Malise s'était assurée que personne ne la suivait ce soir-là, avant qu'elle ne pénètre dans le passage secret de Tor Castle. Tout le long de sa marche, elle avait serré son sgian dubh contre elle. Elle lui savait Hugh Fraser dévoué, mais avec des hommes comme lui, rien n'était moins sûr.
Lorsqu'enfin elle sortait du dédale de couloirs sombres, elle marcha aussi silencieusement que gracieusement vers leur point de rencontre. Elle n'avait pas donné comme lieu de rendez-vous à ce vieil ours l'entrée du passage secret. Lady Malise n'était pas aussi bête que cela. Elle savait que Fraser n'hésiterai pas à assiéger son clan afin d'accroître sa fortune.

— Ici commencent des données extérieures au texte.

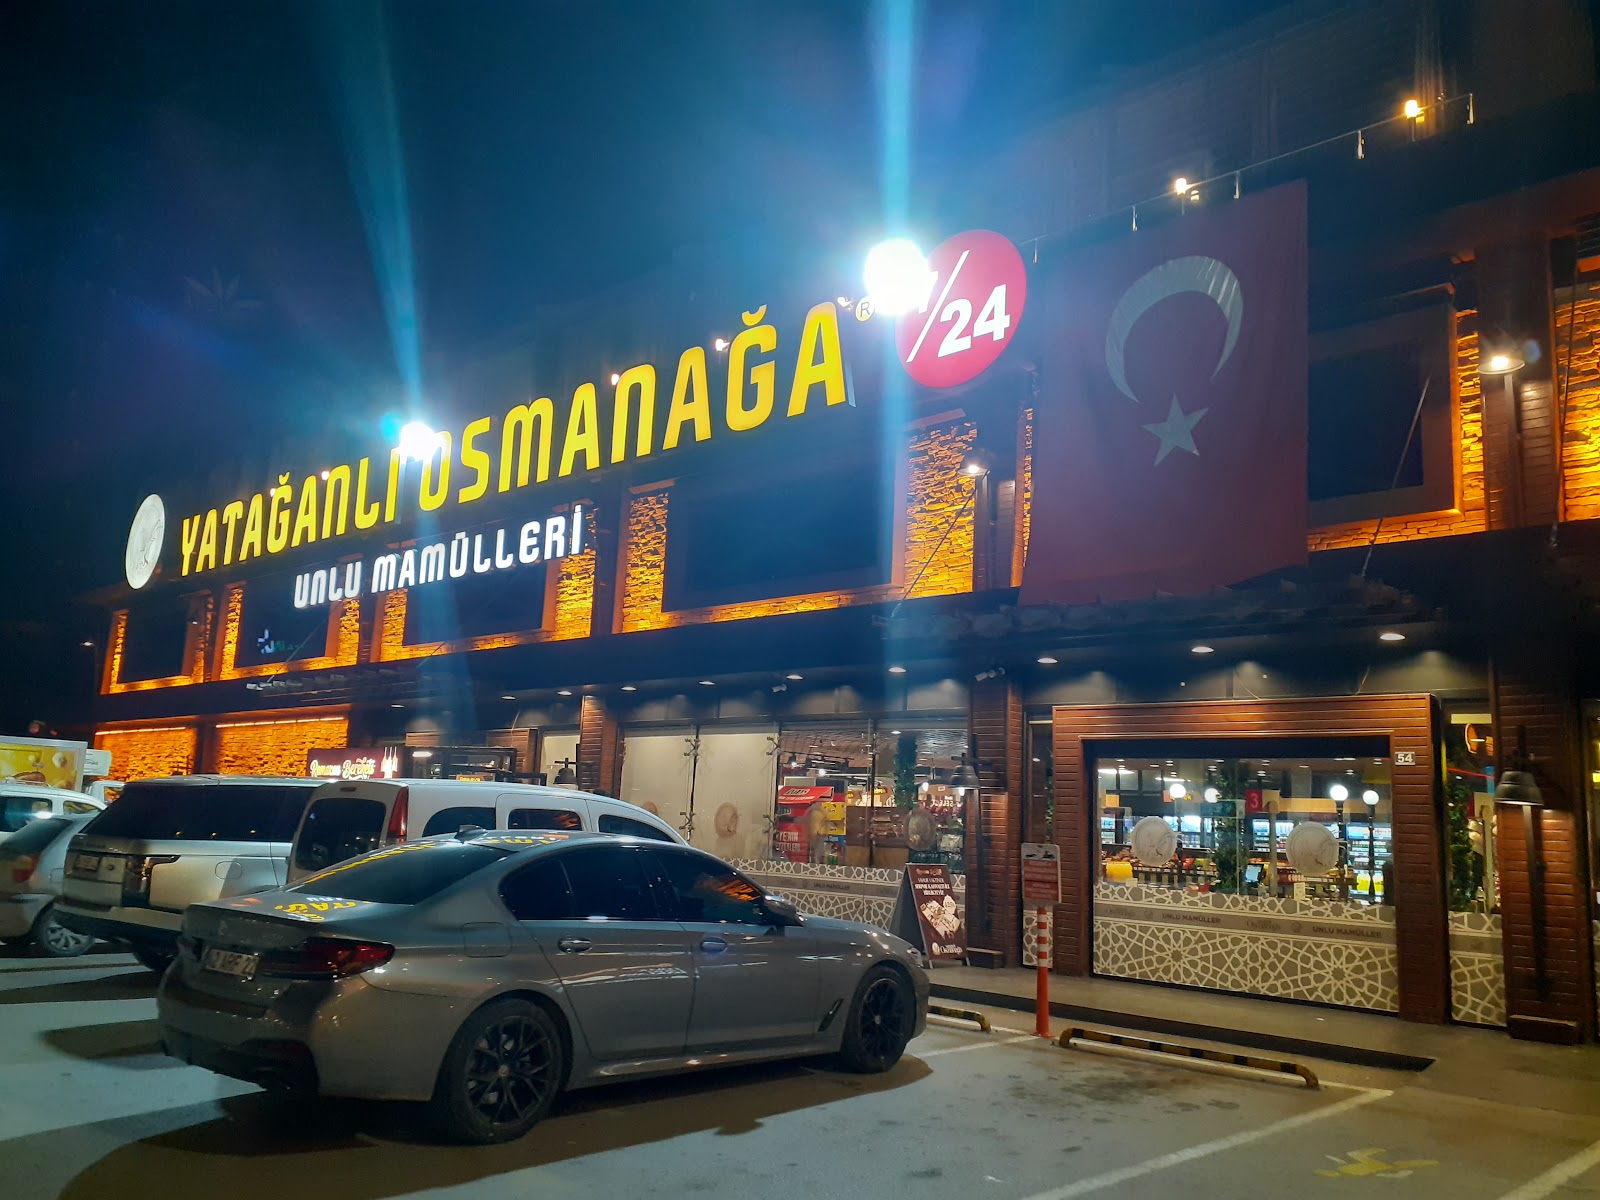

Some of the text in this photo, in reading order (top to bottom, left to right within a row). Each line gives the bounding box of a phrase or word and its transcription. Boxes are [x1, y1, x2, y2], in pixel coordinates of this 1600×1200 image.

[418, 301, 847, 512] OSMANAĞA
[293, 504, 582, 609] UNLU MAMÜLLERİ
[1397, 753, 1413, 763] 54
[1249, 791, 1260, 808] 3

Le froid ne semblait pas l'atteindre sous cette cape épaisse et confortable. Et malgré une fumée blanche et opaque qui sortait de ses nasaux lorsqu'elle respirait, elle ne fut guère soulagée d'apercevoir l'ombre des hommes cachés de son allié dans les buissons.

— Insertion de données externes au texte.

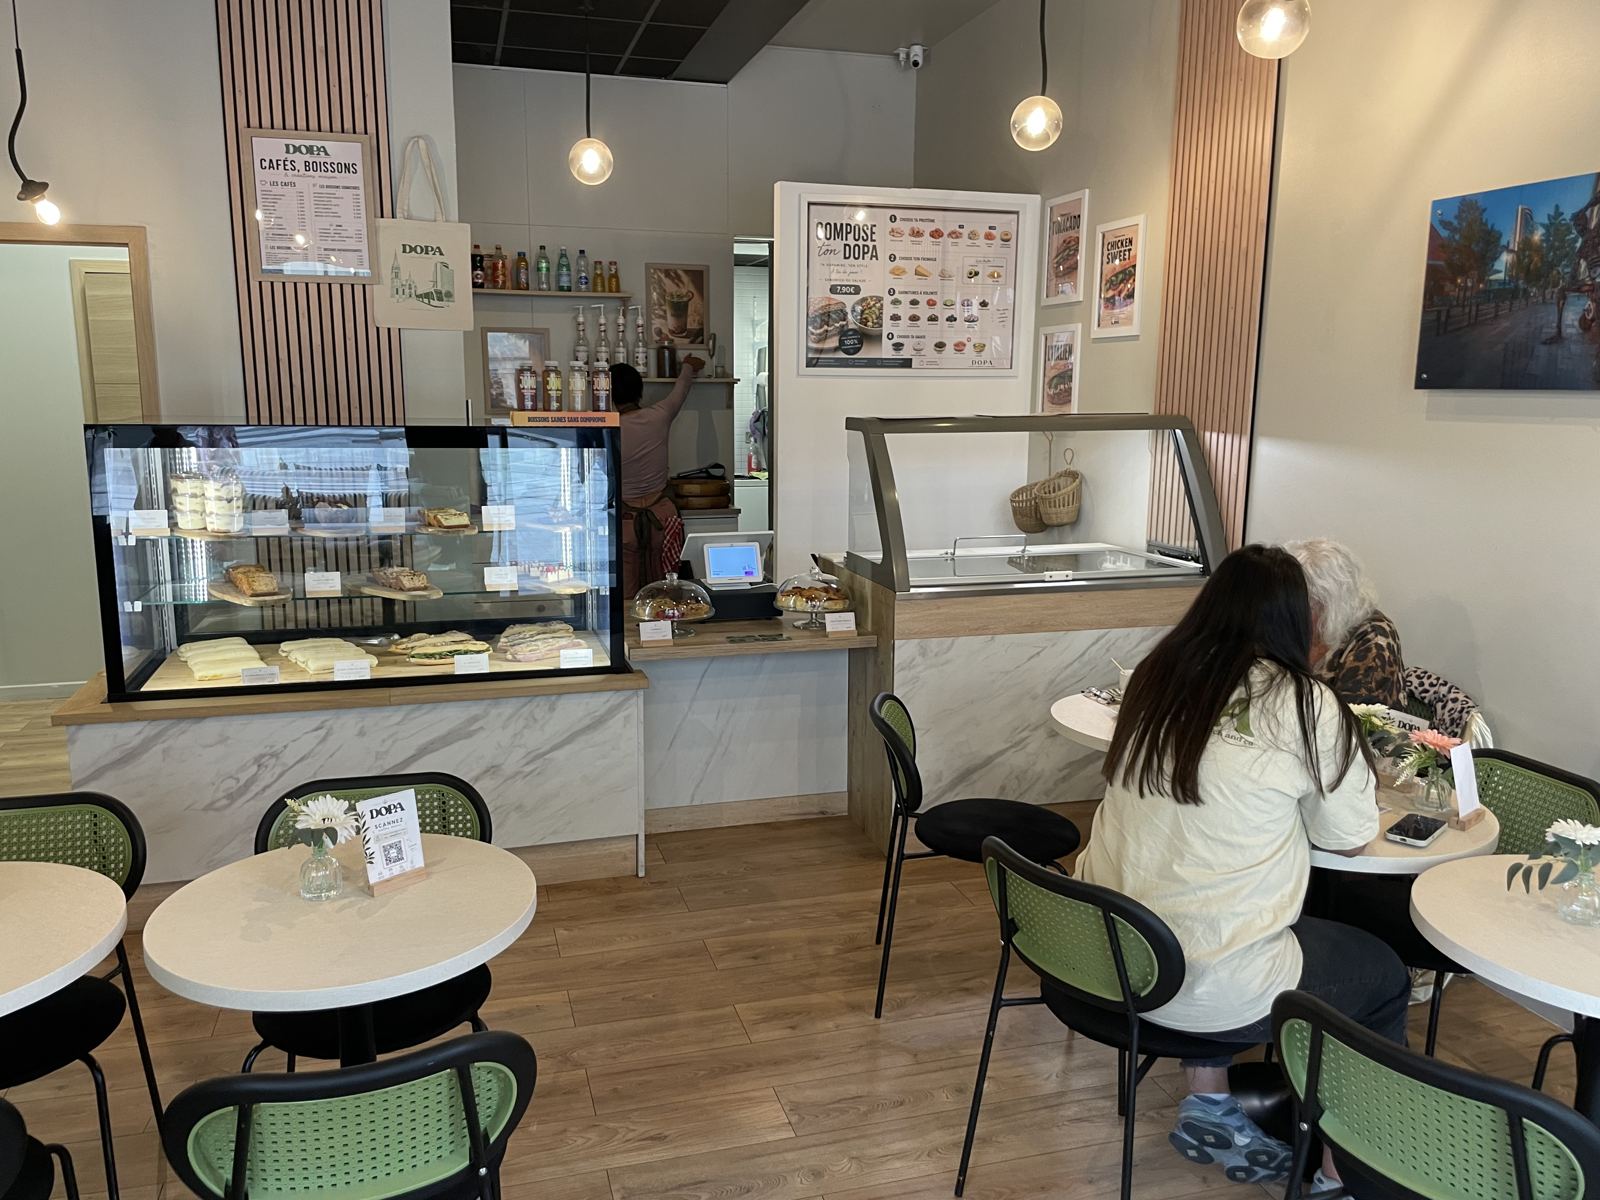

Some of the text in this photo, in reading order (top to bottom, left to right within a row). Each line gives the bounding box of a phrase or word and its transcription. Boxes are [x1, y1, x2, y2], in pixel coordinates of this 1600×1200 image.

"Regardez qui voilà ! Commença l'homme sombre. Malise Cameron."
"Fraser."Lady Malise regarda autour d'elle avec intérêt, mais ni vit rien.
"Où est ma marchandise ?" Demanda-t-elle sèchement.
"Ahah, tu n'as pas changée. Rit Fraser. Nous avons le temps..." Affirma ce dernier en touchant la joue de Malise.Leurs souffles se mélangèrent et leurs visages étaient proches. Ils auraient pu s'embrasser s'ils l'avaient voulu.
"Allons Fraser, je suis une femme mariée à présent."
"Ahahah ! Tu étais moins farouche le jours où tu m'a chevauchée comme une diablesse pour rembourser tes dettes !" Affirma-t-il, faisant rire ses hommes.
"Ou. Est. Ma. Marchandise."
"La récompense d'abord." Susurra-t-il.La belle intrigante décrocha alors une belle bourse bien dodue qui devait contenir une coquette somme.
"Tu pourrais tout aussi bien garder ton argent... Tenta Fraser en frôlant la joue blanche de Malise. Je me rappelle parfaitement bien de l'époque où tu payais mes services en... Nature." Ajouta-t-il en se passant la langue sur ses lèvres.
"L'argent est là." La coupa-t-elle brusquement en lui fourrant la bourse dans les mains pour reprendre ses distances.D'ordinaire Lady Malise aurait couché avec Hugh Fraser pour garder cette somme plus qu'exorbitante. Mais ce soir, elle ne pouvait s'y résoudre. Étrangement, Lachlan, son mari, occupait toutes ses pensées. La belle avait l'orgueil aussi grand que sont hautes les montagnes des Highlands. C'est pourquoi elle refusait catégoriquement de s'avouer que le blond lui manquait. Elle rêvait de ses caresses inavouables, de son souffle brûlant, de sa sueur de viril Écossais ruisselant sur son corps de statue grecque.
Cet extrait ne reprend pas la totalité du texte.